# REQUIREMENT
Return the data below unchanged. Drop any pictures.

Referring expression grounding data
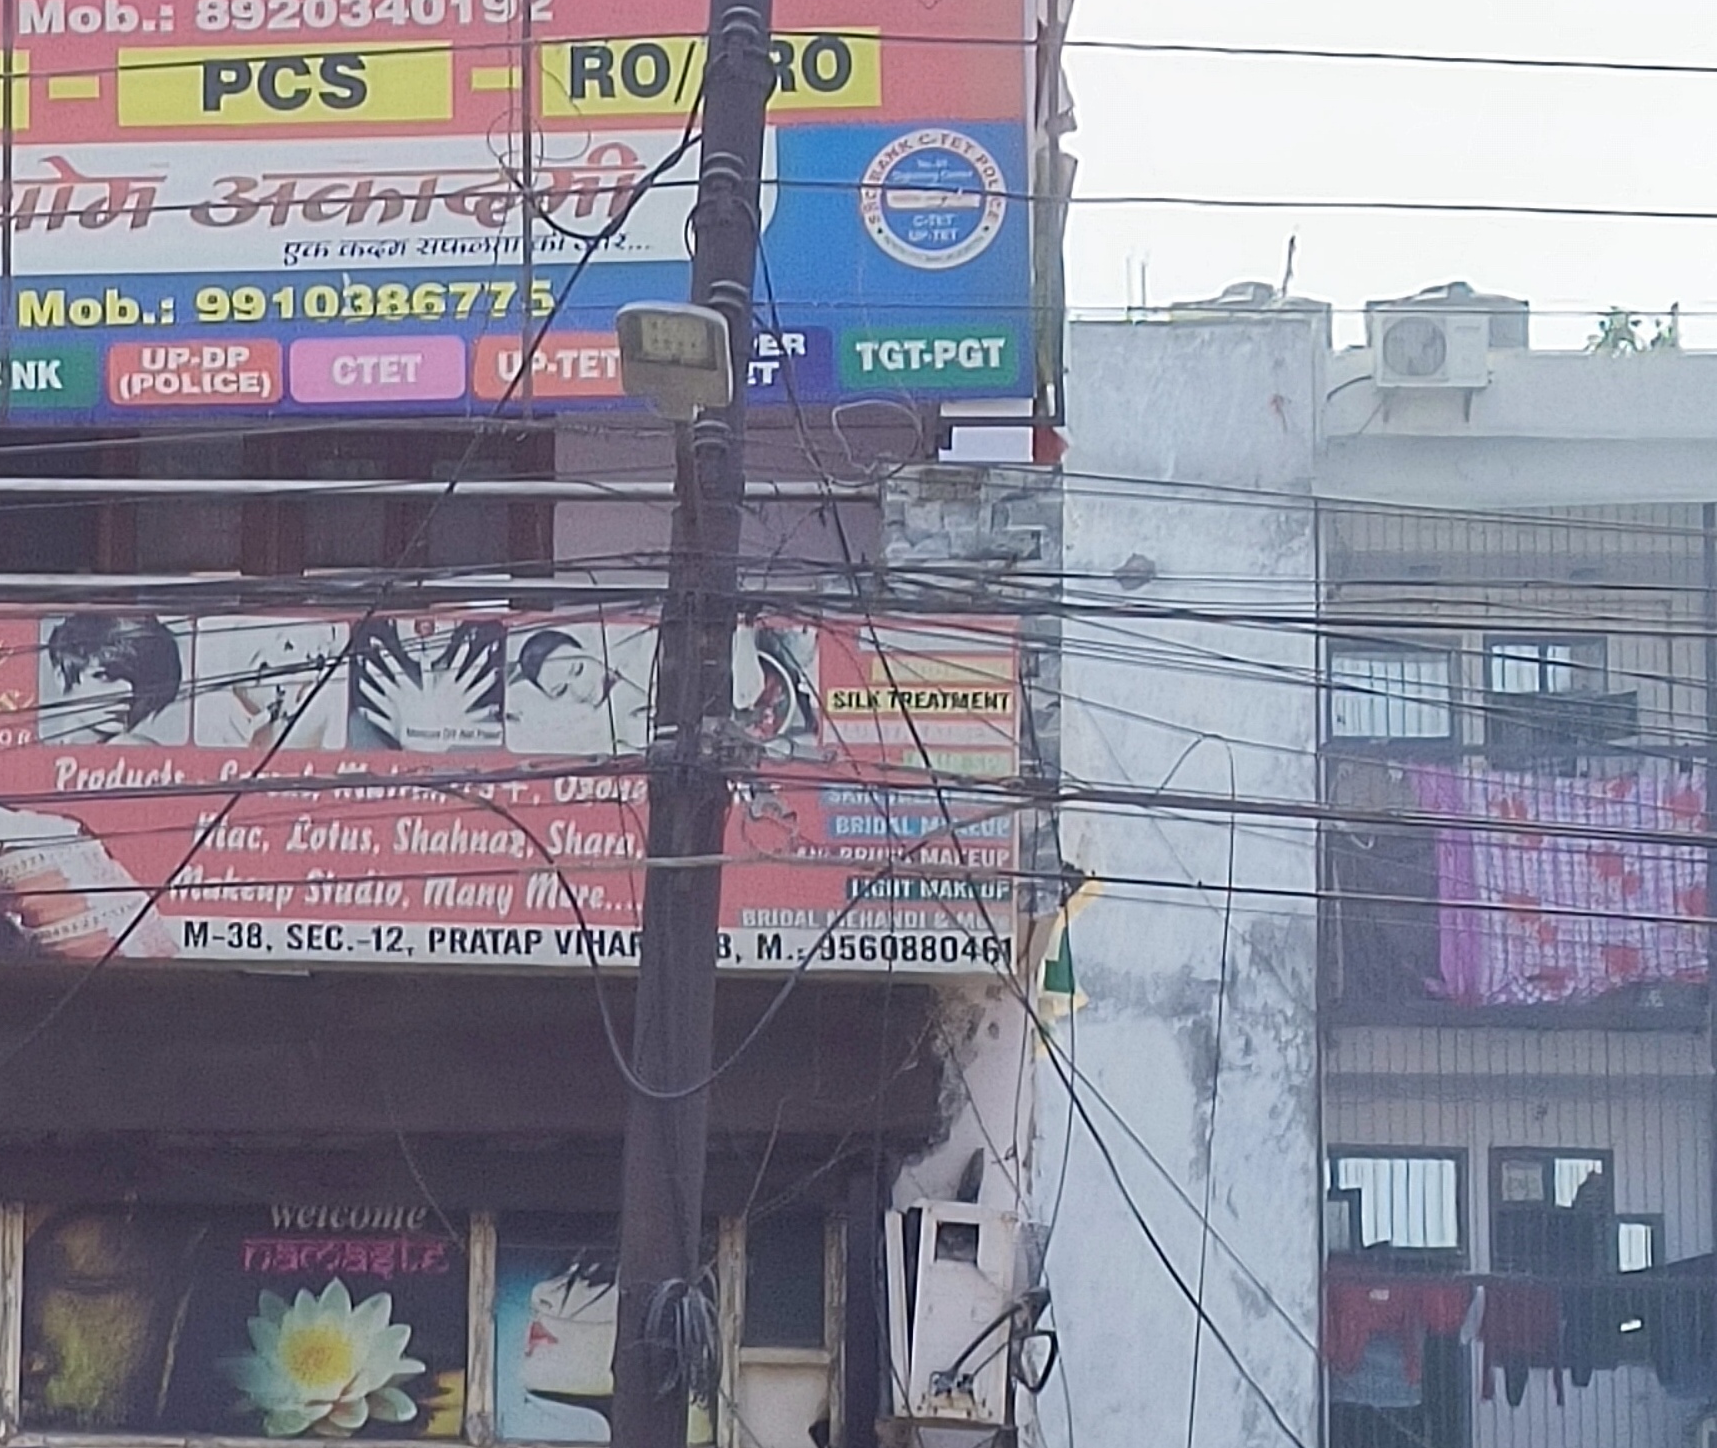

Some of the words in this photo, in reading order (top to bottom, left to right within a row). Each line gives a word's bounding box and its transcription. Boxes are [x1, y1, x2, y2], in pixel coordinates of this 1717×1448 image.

[201, 52, 368, 112] PCS
[18, 289, 175, 328] Mob.:
[195, 281, 554, 325] 9910386775
[142, 346, 251, 371] UP-DP
[331, 355, 423, 386] CTET
[497, 351, 621, 383] UP-TET
[856, 337, 1007, 372] TGT-PGT
[119, 369, 272, 400] (POLICE)
[833, 690, 881, 709] SILK
[888, 690, 1011, 711] TREATMENT
[286, 814, 381, 856] Lotus,
[835, 815, 917, 836] BRIDAL
[170, 864, 294, 911] Makeup
[304, 867, 410, 909] Studio,
[423, 873, 514, 918] Many
[742, 907, 820, 927] BRIDAL
[183, 921, 273, 953] M-38,
[286, 924, 416, 957] SEC.-12,
[428, 927, 543, 956] PRATAP
[269, 1202, 429, 1232] welcome

# EXPECTED OUTPUT
Some of the words in this photo, in reading order (top to bottom, left to right within a row). Each line gives a word's bounding box and its transcription. Boxes are [x1, y1, x2, y2], in pixel coordinates of this 1717×1448 image.

[201, 52, 368, 112] PCS
[18, 289, 175, 328] Mob.:
[195, 281, 554, 325] 9910386775
[142, 346, 251, 371] UP-DP
[331, 355, 423, 386] CTET
[497, 351, 621, 383] UP-TET
[856, 337, 1007, 372] TGT-PGT
[119, 369, 272, 400] (POLICE)
[833, 690, 881, 709] SILK
[888, 690, 1011, 711] TREATMENT
[286, 814, 381, 856] Lotus,
[835, 815, 917, 836] BRIDAL
[170, 864, 294, 911] Makeup
[304, 867, 410, 909] Studio,
[423, 873, 514, 918] Many
[742, 907, 820, 927] BRIDAL
[183, 921, 273, 953] M-38,
[286, 924, 416, 957] SEC.-12,
[428, 927, 543, 956] PRATAP
[269, 1202, 429, 1232] welcome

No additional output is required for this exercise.